EXERCISE AIM
Would you copy the entries that follow exactly, leaving out every picture?

Saved entries:
*** Block opens ***

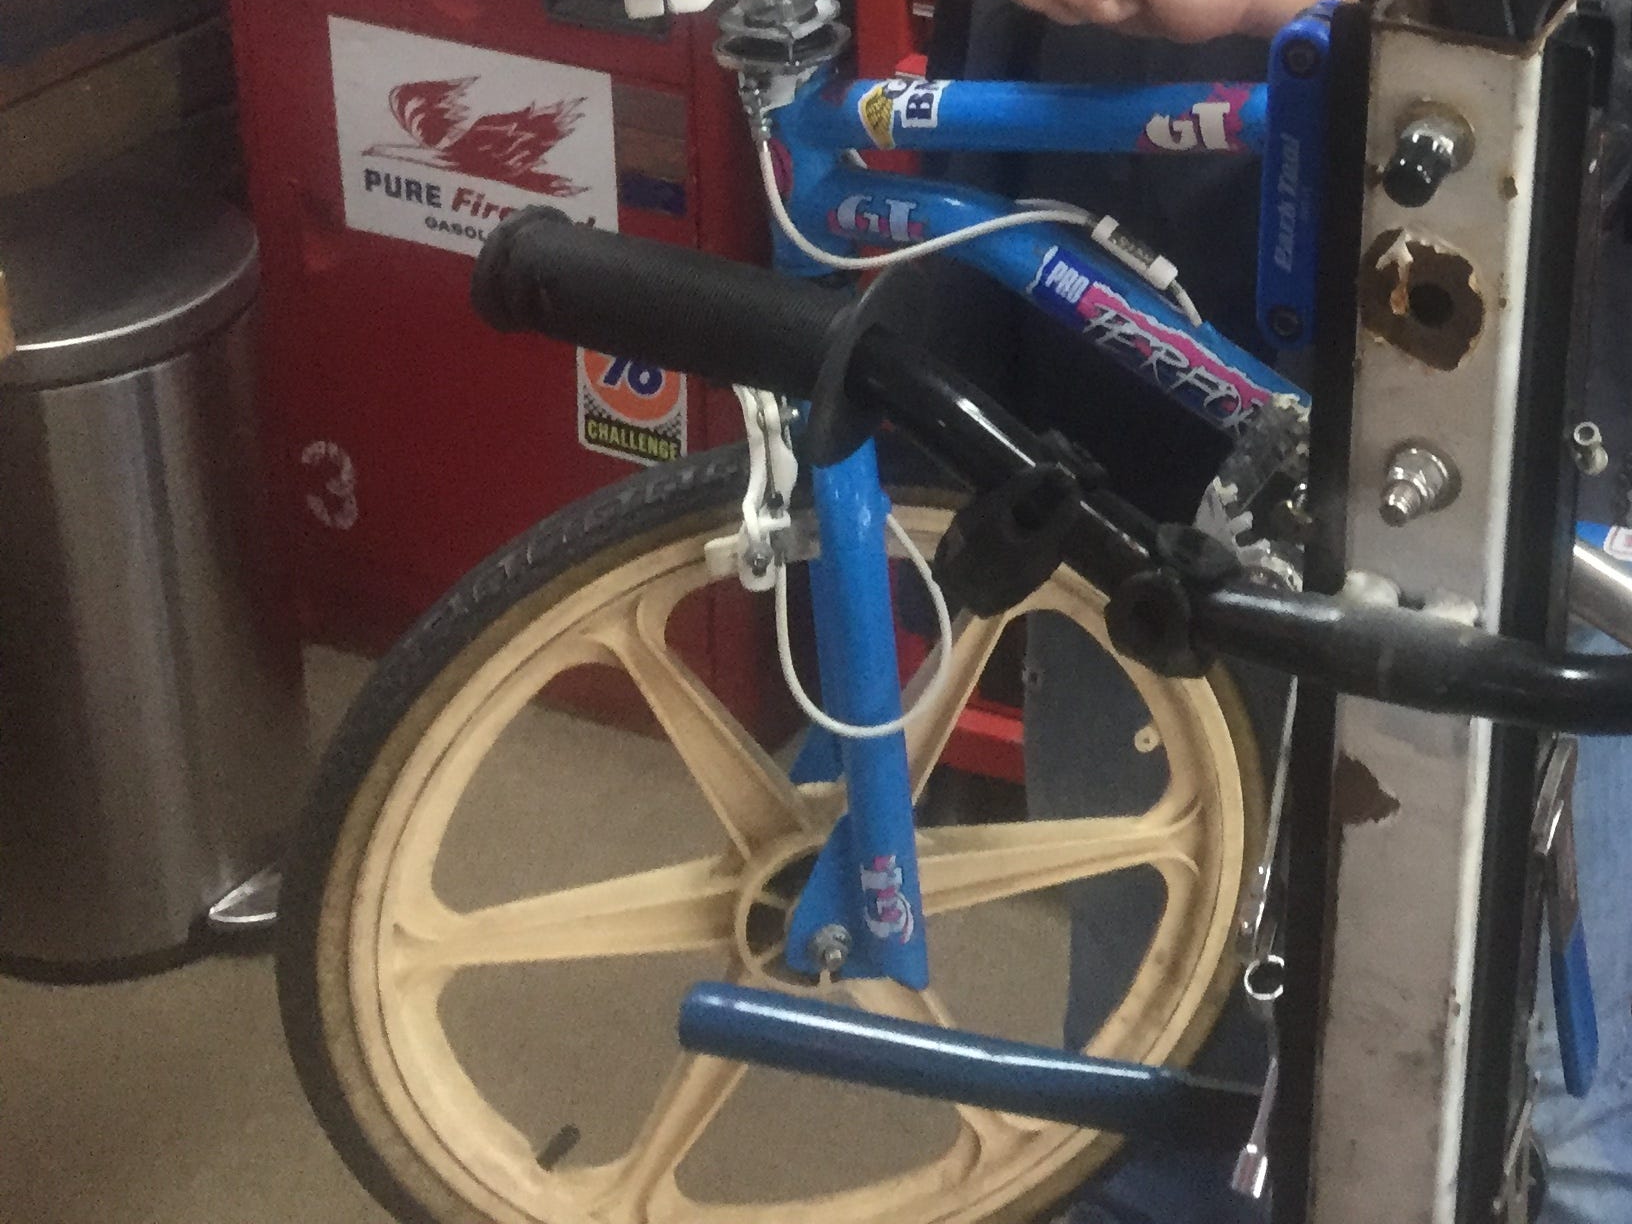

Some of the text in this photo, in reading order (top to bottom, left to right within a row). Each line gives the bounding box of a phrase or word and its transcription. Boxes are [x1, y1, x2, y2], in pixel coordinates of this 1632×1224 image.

[1146, 102, 1230, 150] GT
[364, 168, 442, 209] PURE
[424, 214, 487, 242] GASOL
[837, 194, 917, 242] GT
[1045, 260, 1090, 304] PRO
[587, 419, 679, 461] CHALLENGE
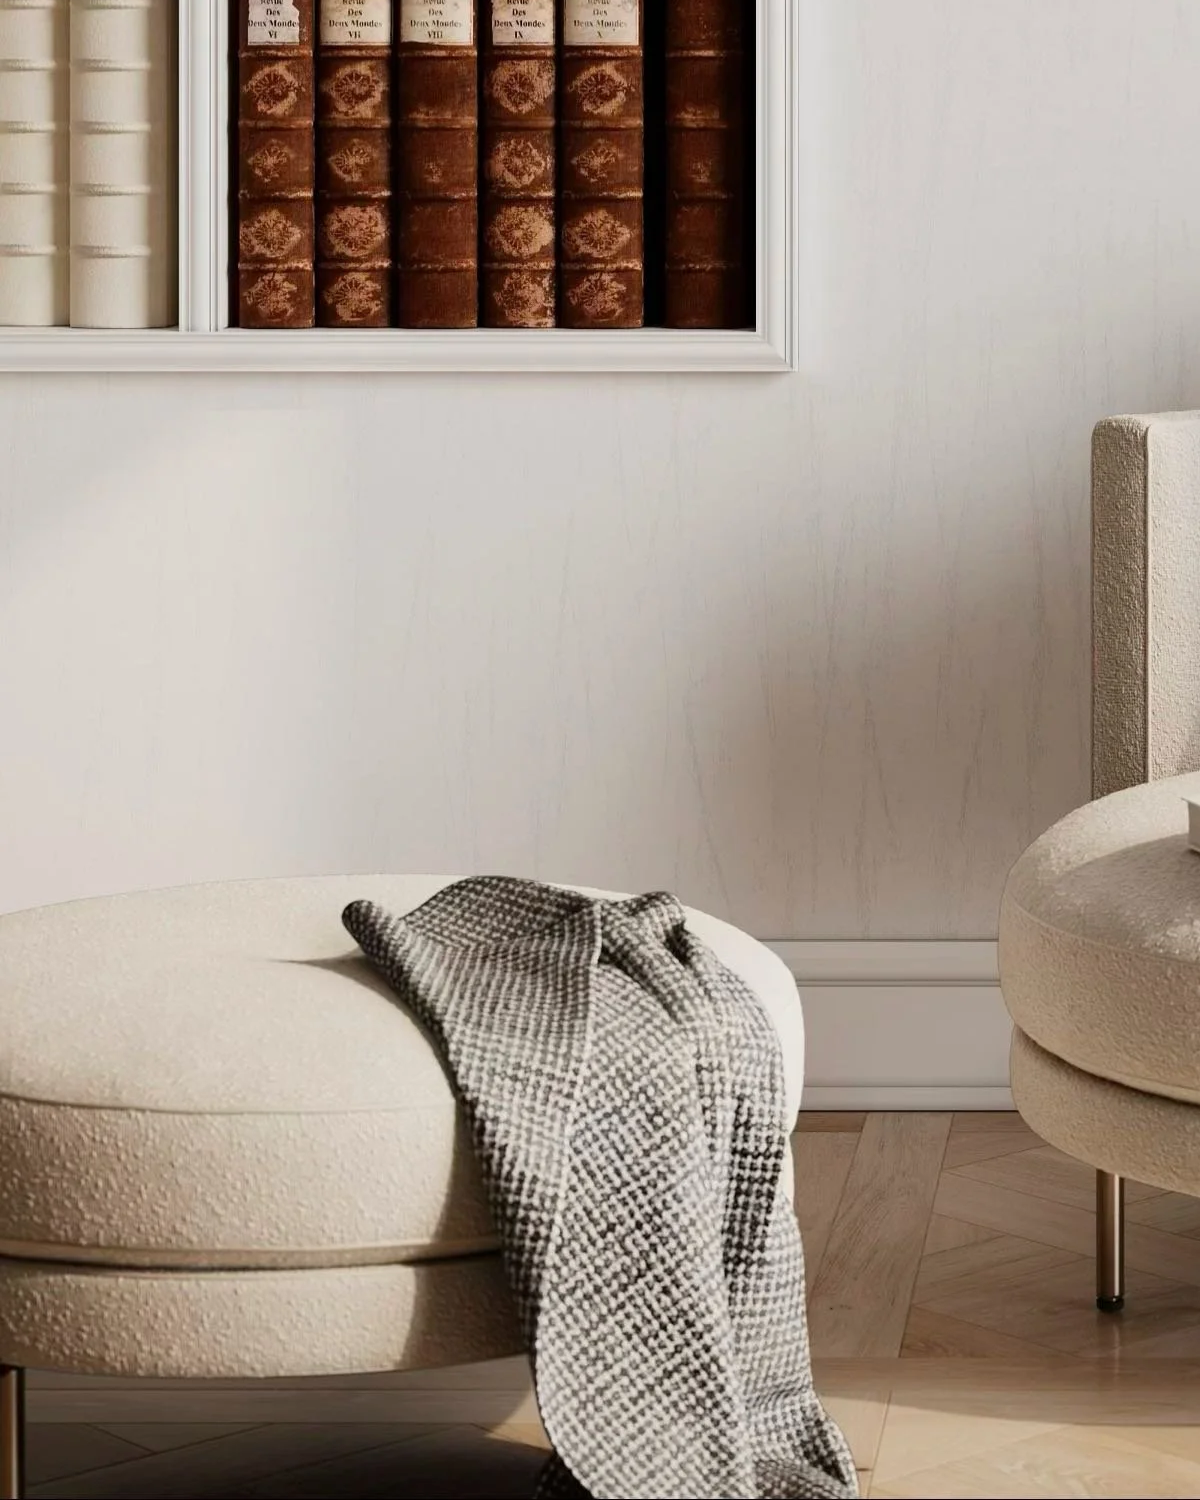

*** Block closes ***

SOLUTION
Some of the text in this photo, in reading order (top to bottom, left to right within a row). Each line gives the bounding box of a phrase or word and its transcription. Boxes are [x1, y1, x2, y2], in pixel coordinates of this 1632×1224 image.

[1146, 102, 1230, 150] GT
[364, 168, 442, 209] PURE
[424, 214, 487, 242] GASOL
[837, 194, 917, 242] GT
[1045, 260, 1090, 304] PRO
[587, 419, 679, 461] CHALLENGE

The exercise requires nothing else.